Mais, j’en doute un peu.
Ce
qui est certain, c’est qu’aucune plainte contre lui ne m’est parvenu.
Jusqu’au
jour où............
-=-=-=-=-=-=-=-
16
novembre 1855
Il
faisait un peu frisquet, ce matin-là. Un léger brouillard flottait au-dessus
des champs. Une belle journée d’automne s’annonçait, car le soleil pointait à
l’horizon dans un ciel bleu.
L’automne,
en cette mi-novembre, s’était bien installé et entrait lentement dans l’hiver
que les anciens prévoyaient rigoureux.
La
terre allait se reposer pour renaitre au printemps.
Les
hommes allaient se rentrer au chaud, s’occupant aux diverses réparations pour
faire passer le temps de ces journées hivernales où le jour paresseux tardait à
se lever et s’éteignait de bonne heure en soirée.
Ce
matin-là, donc, César Leclerc faisait sa tournée. Garde particulier et
assermenté du Marquis Charles Théodore Casimir de Toustaint de Limesy[1],
sa charge consistait à surveiller les terres et bois de son maître.
Gare
aux braconniers ! C’est qu’il avait l’œil le César !
Sa
tournée lui permettait de croiser diverses personnes et de discuter un brin,
histoire de, mais aussi d’être au courant de tous les évènements.
Ce
jour-là, il avait rencontré le charpentier, Benoit Letellier, et le tonnelier, Placide
Selle.
Tous
trois bavachaient calmement lorsqu’ils aperçurent, s’approchant d’eux, sur le
chemin, le Jean François allant d’un bon pas. Arrivé à la hauteur des trois
hommes, celui-ci s’écria, en s’adressant au César :
« Ah, te v’là toi, fripon, voleux. C’est comme
ça qu’ tu gagnes ton pain, en bavant su’ l’ compte des autres. Canaille ! »
César
Leclerc connaissait bien le Jean François, aussi, ne voulant pas envenimer les
choses, il garda le silence. Mais cette attitude ne fit qu’exciter d’avantage
le sieur Auzoux.
« Tu réponds pas, hein, canaille ! C’est
y qu’ tu s’rais un lâche. T’as d’ la chance, va ! Si t’étais seul, j’

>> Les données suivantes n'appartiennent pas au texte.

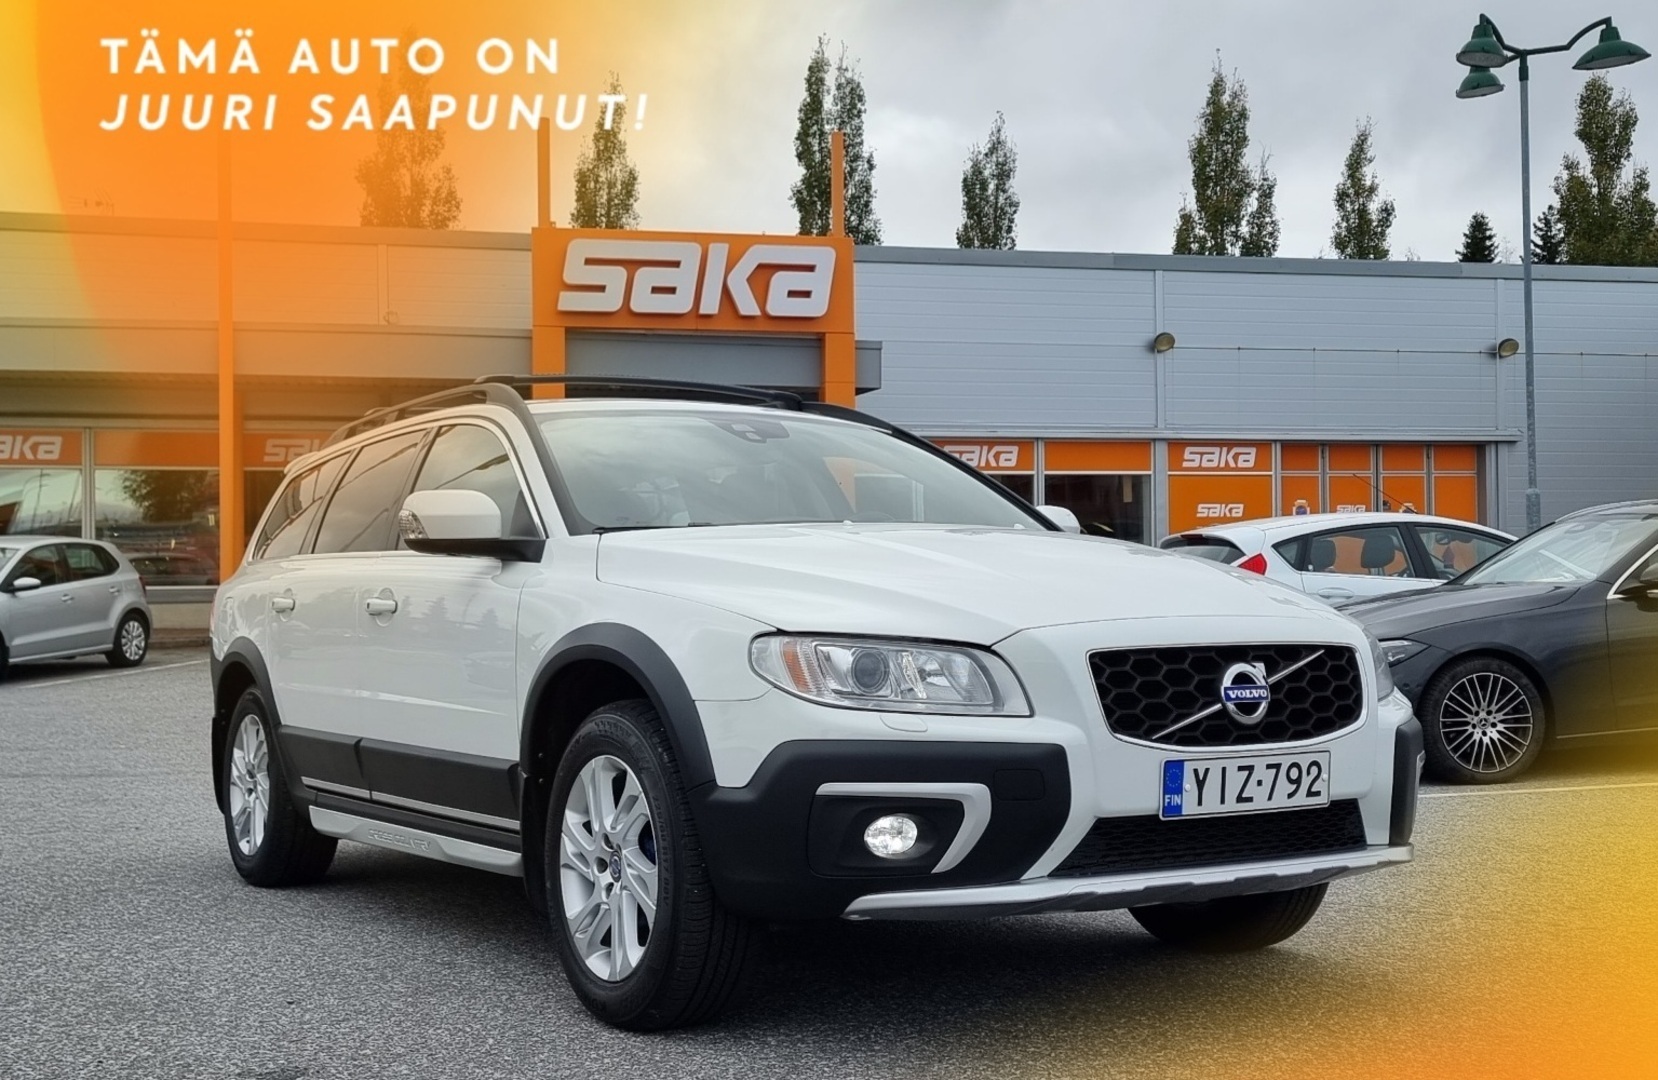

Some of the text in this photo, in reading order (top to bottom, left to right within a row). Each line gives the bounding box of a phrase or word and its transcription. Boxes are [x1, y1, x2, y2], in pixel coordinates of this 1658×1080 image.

[1226, 688, 1268, 699] VOLVO
[1192, 759, 1323, 807] YIZ-792
[1164, 794, 1182, 807] FIN
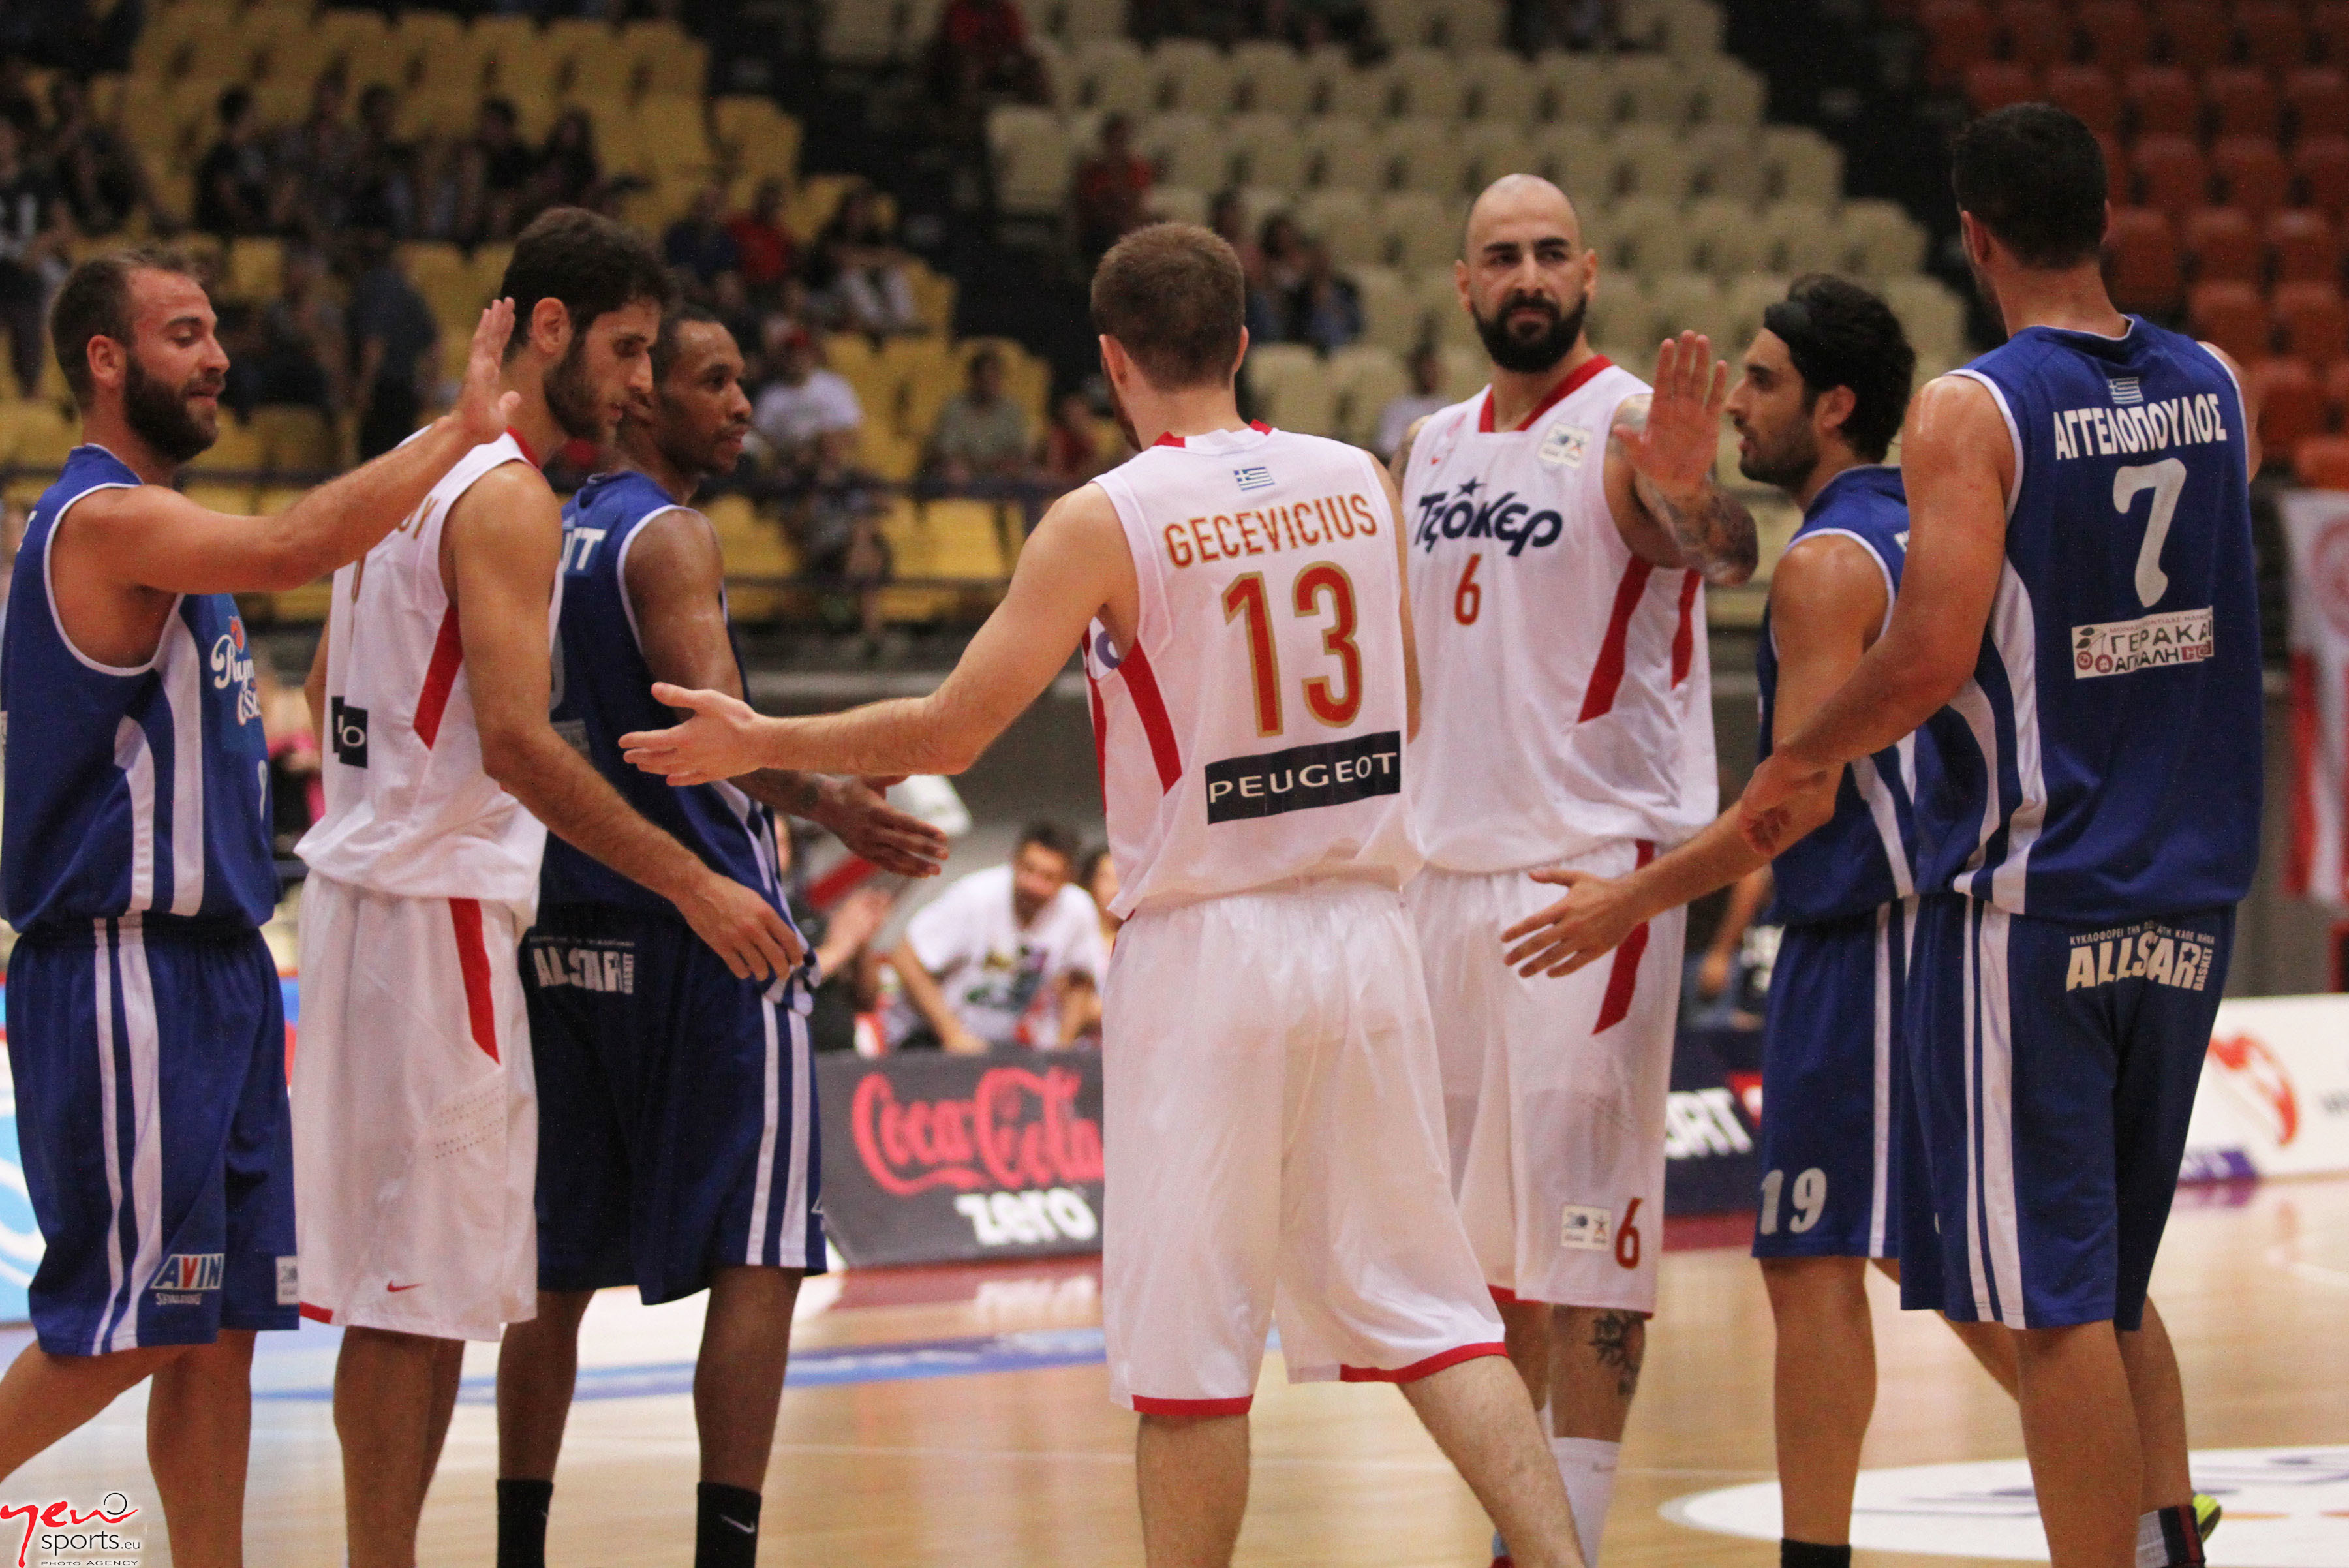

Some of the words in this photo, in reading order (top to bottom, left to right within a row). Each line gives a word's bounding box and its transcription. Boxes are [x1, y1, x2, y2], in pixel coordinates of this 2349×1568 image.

t’aurais tué d’un coup et sans procès ! »
César
Leclerc répondit alors par cette mise en garde :
« Fais ben attention ! T’as déjà été
placé et j’peux encore te faire placer, va ! »
Cette
phrase voulait-elle dire que César Leclerc avait fait emprisonner Jean François
Auzoux pour un quelconque délit ? Si c’était le cas, l’animosité du Jean
François contre le garde en était assurément la cause.
Hélas,
si ce fut le cas, aucun document pour l’affirmer !
Alors,
déchainé au possible, Auzoux hurla, avant de s’éloigner :
« Toi, j’ t’emmerde. J’ me fouts d’ toi et d’
ton procès ! »
Ce
n’était pas la première fois qu’Auzoux prodiguait de pareilles injures envers
le sieur Leclerc.
Déjà,
il y avait quelques semaines, vers la fin septembre, par-là, les deux hommes
s’étaient croisés au triage de la Grande Banque, au détour du chemin de
Louviers, et Jean François Auzoux avait déjà proféré des insultes au garde
particulier, en ces termes :
« Te v’là grand lâche, grand brigand. Tu
pass’ras sous ma main. J’ai tué d’ tes lapins et j’ t’en tuerai encore. Et
quand j’ serai placé, j’ te fouts un coup d’ fusil. »
Et
puis, il y eut aussi cette autre rencontre, quelques jours plus tard, sur le
chemin des Hauts. Le garde particulier Leclerc discutait avec la femme à
l’Auguste Convenant.
Jean
François Auzoux vint à passer par là, et bien sûr, s’en prit à son
« ennemi juré », sûrement en raison d’une histoire de chasse ou
...... de braconnage.
« C’est ton chien, vaurien, qui a levé une
compagnie de perdrix. Grand brigand ! Si j’avais mon fusil, j’ tuerai ton
chien. »
Jean
François avait dit cette dernière phrase en désignant du menton le chien du garde
qui attendait calmement, assis sur son train arrière, à côté de son maître.
Et
puis ce fut une avalanche d’injures et d’insultes de très mauvais goût.
Que
d’injures grivoises proférées en si peu de temps !
La
pauvre femme Convenant n’en revenait pas de tout ce flux de saletés qui
sortaient de la bouche du Jean François. Offusquée et à bout qu’elle était la
pauvre femme, aussi s’écria-t-elle, n’en pouvant plus de toutes ces horreurs
verbales :
« Taisez-vous ! Mais taisez-vous
donc ! Laissez-nous, vous n’avez point raison ! »
Ce
qui fut troublant tout de même, ce fut que quinze jours plus tard, un des
chiens de Cézar Leclerc était retrouvé mort !
Mais
n’allez pas en tirer trop hâtivement des conclusions !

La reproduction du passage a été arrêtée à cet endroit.